The Last Post Ceremony commemorating the service of (15216) Gunner Arthur Roy Edwards, 12th Field Artillery Brigade, AIF, First World War.

Places
Accession Number AWM2020.1.1.24
Collection type Film
Object type Last Post film
Physical description 16:9
Maker Australian War Memorial
Place made Australia: Australian Capital Territory, Canberra, Campbell
Date made 24 January 2020
Access Open
Conflict First World War, 1914-1918
Copyright Item copyright: © Australian War Memorial
Creative Commons License This item is licensed under CC BY-NC
Copying Provisions Copyright restrictions apply. Only personal, non-commercial, research and study use permitted. Permission of copyright holder required for any commercial use and/or reproduction.
Description

The Last Post Ceremony is presented in the Commemorative area of the Australian War Memorial each day. The ceremony commemorates more than 102,000 Australians who have given their lives in war and other operations and whose names are recorded on the Roll of Honour. At each ceremony the story behind one of the names on the Roll of Honour is told. Hosted by , the story for this day was on (15216) Gunner Arthur Roy Edwards, 12th Field Artillery Brigade, AIF, First World War.

Film order form
Speech transcript

15216 Gunner Arthur Roy Edwards, 12th Field Artillery Brigade, AIF
KIA 21 March 1918

Today we remember and pay tribute to Gunner Arthur Roy Edwards.
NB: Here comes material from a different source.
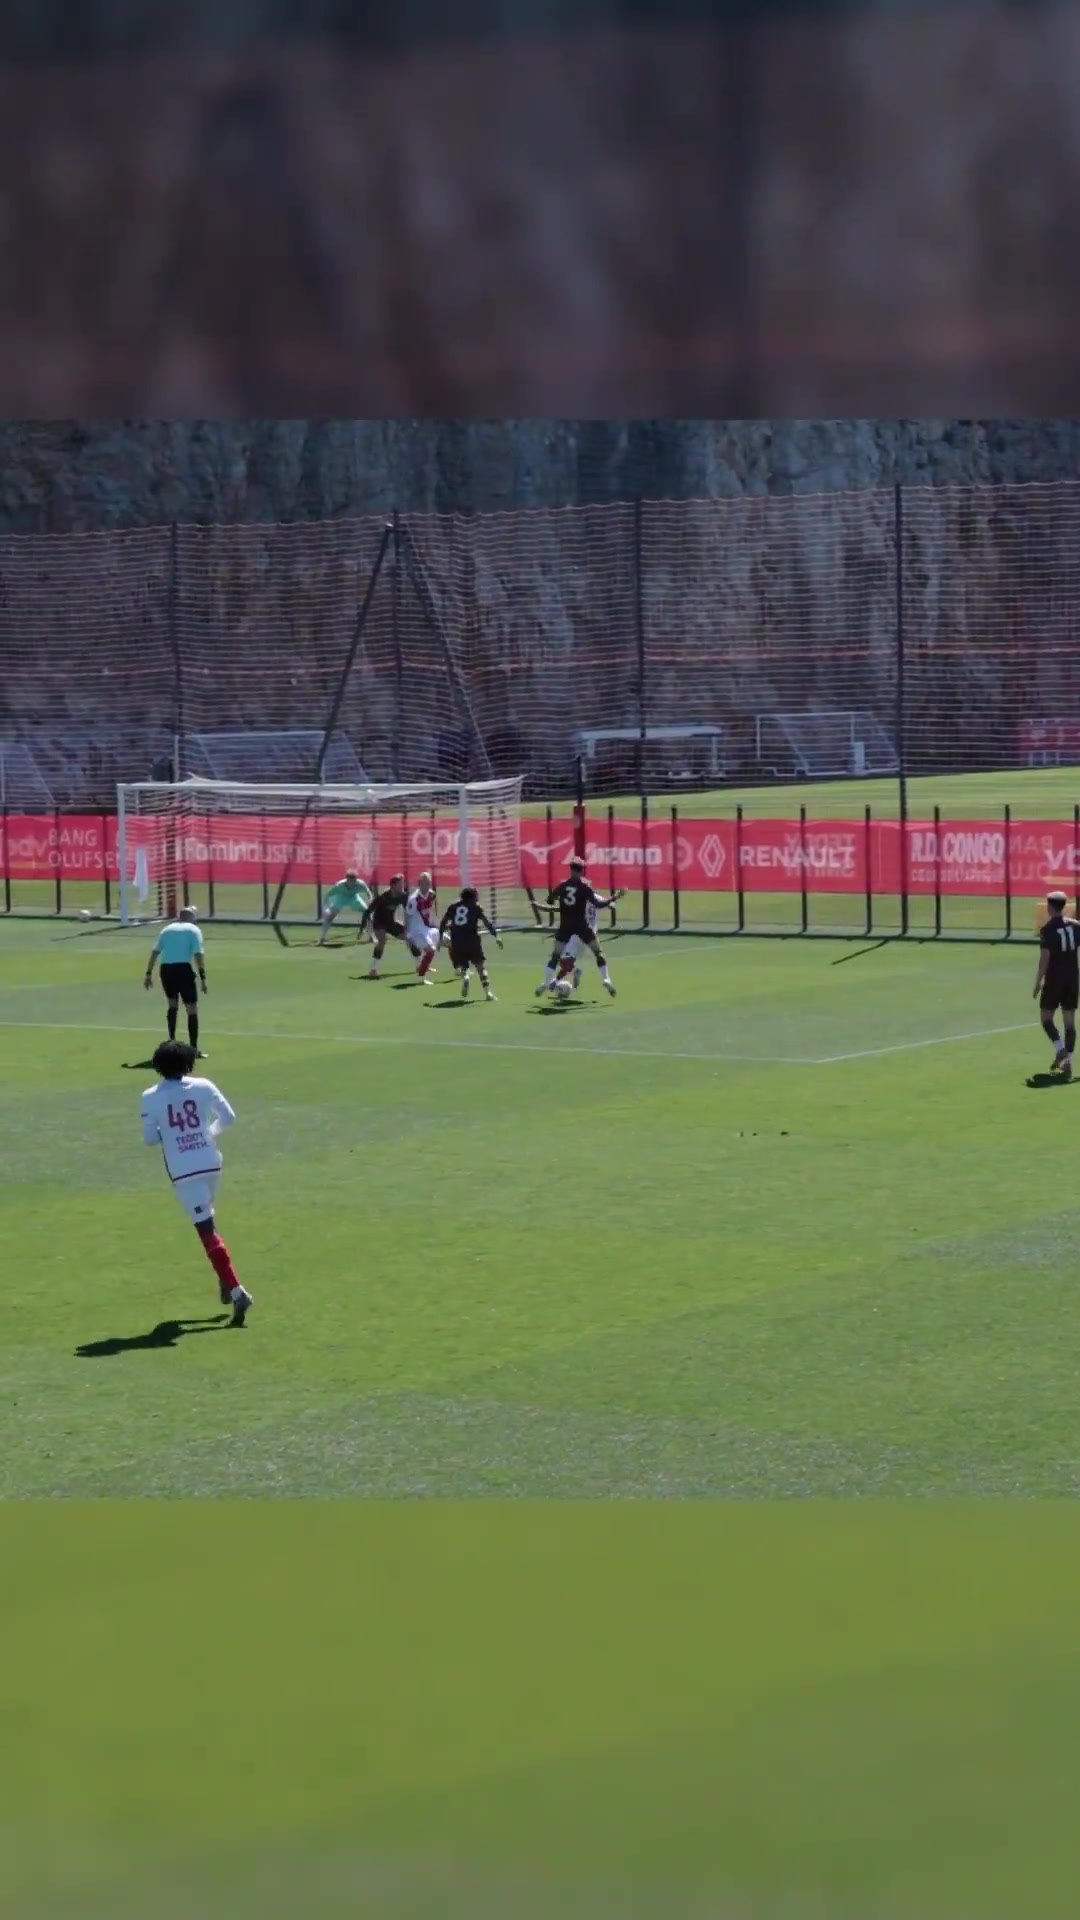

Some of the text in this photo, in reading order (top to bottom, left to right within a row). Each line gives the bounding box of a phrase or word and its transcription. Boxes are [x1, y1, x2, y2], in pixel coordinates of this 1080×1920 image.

Arthur Roy Edwards was born on 26 February 1893, the youngest son of Louisa and Thomas Edwards of the Hobart suburb Battery Point.

Edwards enlisted in the Australian Imperial Force on 9 August 1915, and after training sailed from Melbourne aboard the transport ship Port Lincoln for Egypt. Edwards was too late to join Australian troops on the Gallipoli peninsula and instead prepared to take part in fighting on the Western Front. Edwards continued his training first by attending artillery school first in Tel el Kebir in Egypt, and later in England.

In March 1917, Edwards sailed for France, where he joined the 112th Howitzer Battery of the 12th Field Artillery Brigade. Edwards joined this unit on exactly the same day as his older brother Charles, and the two brothers served in the same unit in the fighting in France and Belgium for the rest of their war.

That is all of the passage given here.